Ubaldo Marín Torres, de 19 años, es el segundo ejemplo. Antes de llegar al Anfiteatro, hace dos años, solo hacía «bultos en telenovelas, aquí, allá. Mi vida era un poco monótona, buscando espacios que no encontraba. Aquí estoy perfecto. Esta es mi casa».
Aunque delgado, el monje que sostiene la gigantesca cruz de la catedral es Michel Ahumada Socarrás, de 27 años. En el Anfiteatro, hace tres años, percibe el cariño y la paz que no tenía. Nunca falta. Jamás llega tarde. «He tomado las cosas más en serio. Descubro que puedo hacer mucho más de lo que hago».
Personaje de lo real es Junior Martínez Fonseca, de 22 años, para quien su vida «ha sido un poco loca». Es profesor de Deportes, vive en Arroyo Naranjo, graduado de la Escuela Provincial de Educación Física. Por poco estudia Derecho, pero un suceso fortuito lo llevó a hacer un personaje en un serial televisivo. Desde niño soñaba con eso, pero no había tenido «el empuje, la oportunidad». Se sumó a una bolsa de talento artístico, hizo algún que otro papel en unas aventuras.
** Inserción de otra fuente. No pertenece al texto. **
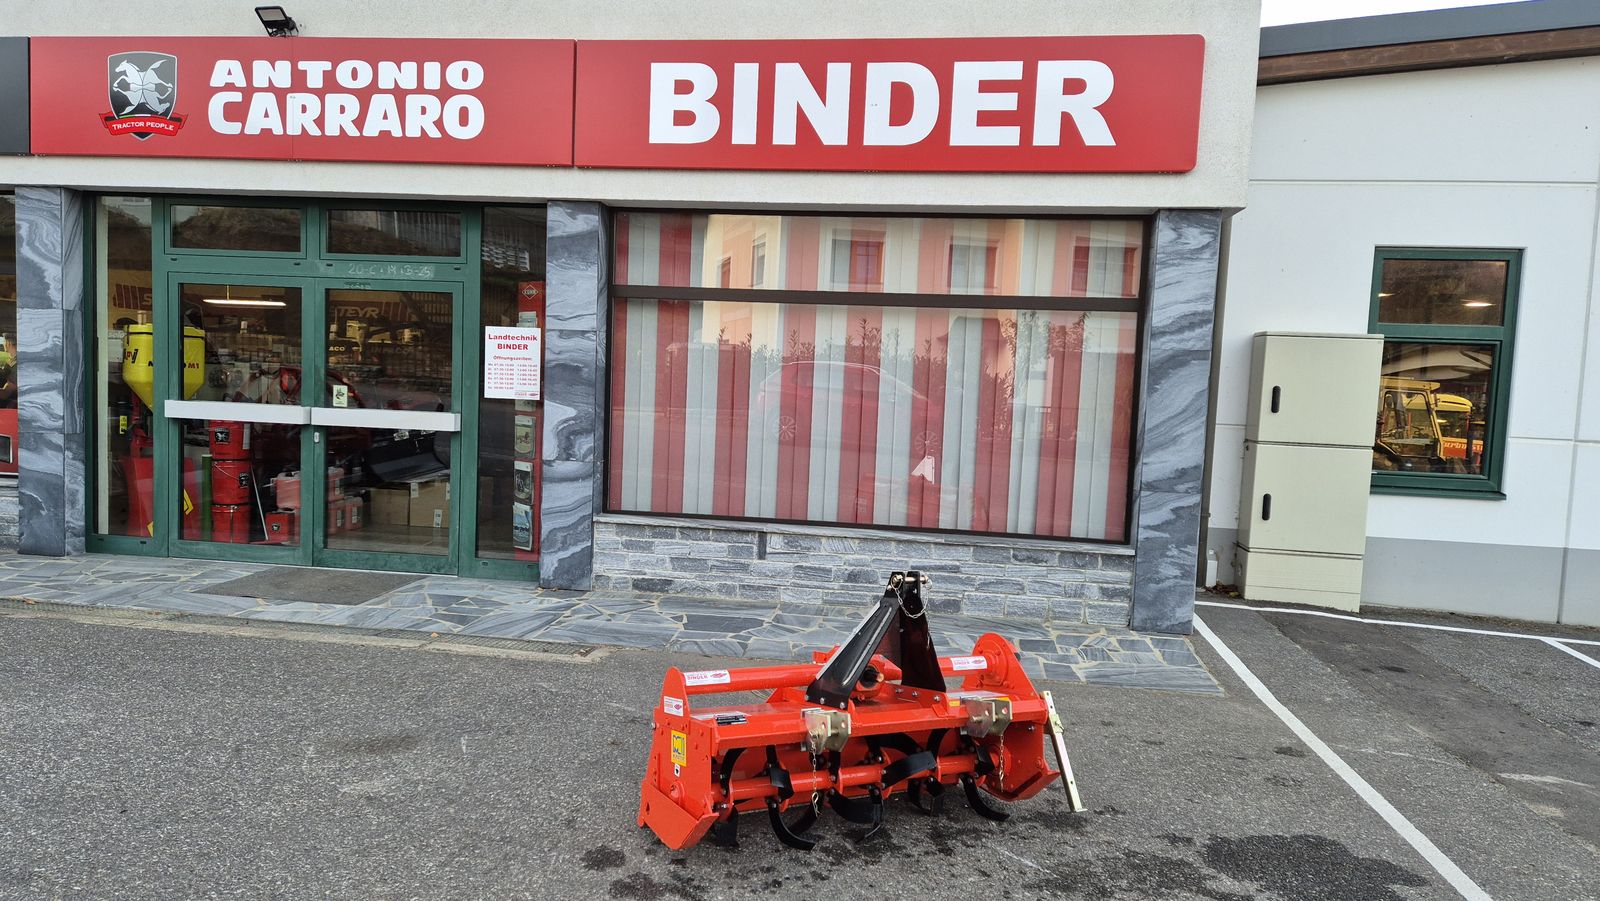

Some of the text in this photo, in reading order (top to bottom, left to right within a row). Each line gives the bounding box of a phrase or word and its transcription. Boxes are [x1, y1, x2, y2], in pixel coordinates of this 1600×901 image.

Insistía, porque «no soy de esas personas que hacen caso a eso de: “tú no sirves para eso, ya no sigas más”».
Supo que en el Anfiteatro estaban buscando muchachos para hacer la obra del jorobado, y se le presentó a Alfonso. Aunque estaba a punto de incorporarse al Servicio Militar Activo, no se detuvo: salía de la unidad militar, iba a los ensayos, y regresaba para hacer guardias. «Y aquí está la obra. Me mantiene el tiempo ocupado. He conocido a muchas personas, de las cuales me siento orgulloso. Mis amistades y mi familia me dicen que hasta cuándo voy a seguir en estas cosas. Algunos dicen que estoy loco, que debo ir a un médico... Este mundo que he descubierto, en el cual yo puedo salir de mí para entrar en otro personaje, me fascina».
Y Fahd Miguel Perera Állvarez, de 24 años, es otra historia: estudió Gastronomía y la ejerció en los lugares más diversos, se apasiona con la informática, «pero siempre me ha gustado el cine».
Asumió un breve papel en un corto realizado por un amigo, y la experiencia le desató un mar de ilusiones. Un día supo del Jorobado de Notre-Dame en La Habana, y logró entrar: «Siento que gané un lugarcito más en la vida. Mi padre, con quien vivo, quiere que estudie otra cosa. Pero así estoy bien...». Alguien comenta en el grupo, como hablando en nombre de todos: «Destino, oh, destino...».
Al final del encuentro, Alfonso advierte que es «un verdadero mito absurdo, aquello de que no se pueda hacer teatro musical porque no hay artistas, gente, o porque no hay dinero. Sí se puede y debemos hacerlo, porque se está perdiendo el género. Te aseguro que en Cuba sí podemos cultivar un arte tan bello y edificante como este. Lo que hay es que estar dispuesto, porque cuando se quiere empiezan a desaparecer los límites y los obstáculos».